At the moment this is a theoretical mathematical study, but two researchers from UCM have recently proved that, in certain conditions, magnetic fields can send particles to infinity, according to the study published in the journal *Quarterly of Applied Mathematics*.

"If a particle 'escapes' to infinity it means two things: that it will never stop, and "something else", Antonio Diaz-Cano, one of the authors, explained to SINC. Regarding the first, the particle can never stop, but it can be trapped, doing circles forever around a point, never leaving an enclosed space.

However, the "something else" goes beyond the established limits. "If we imagine a spherical surface with a large radius, the particle will cross the surface going away from it, however big the radius may be" the researcher declares.

Scientists have confirmed through equations that some particles can escape infinity.
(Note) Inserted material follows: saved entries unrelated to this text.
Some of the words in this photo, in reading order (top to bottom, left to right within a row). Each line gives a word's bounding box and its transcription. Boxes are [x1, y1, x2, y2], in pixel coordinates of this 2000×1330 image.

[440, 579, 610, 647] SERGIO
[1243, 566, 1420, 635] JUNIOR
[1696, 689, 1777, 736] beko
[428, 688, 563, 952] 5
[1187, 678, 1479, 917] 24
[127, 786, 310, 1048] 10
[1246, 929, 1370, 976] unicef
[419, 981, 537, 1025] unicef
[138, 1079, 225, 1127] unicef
One condition is that the charges move below the activity of a magnetic field created by current loops on the same plane. Other requirements should also be met: the particle should be on some point on this plane, with its initial speed being parallel to it and far away enough from the loops.

"We are not saying that these are the only conditions to escape infinity, there could be others, but in this case, we have confirmed that the phenomenon occurs", Diaz-Cano states. "We would have liked to have been able to try something more general, but the equations are a lot more complex".

In any case, the researchers recognise that the ideal conditions for this study are "with a magnetic field and nothing else". Reality always has other variables to be considered, such as friction and there is a distant possibility of going towards infinity.

Nonetheless, the movement of particles in magnetic fields is a "very significant" problem in fields such as applied and plasma physics. For example, one of the challenges that the scientists that study nuclear energy face is the confinement of particles to magnetic fields.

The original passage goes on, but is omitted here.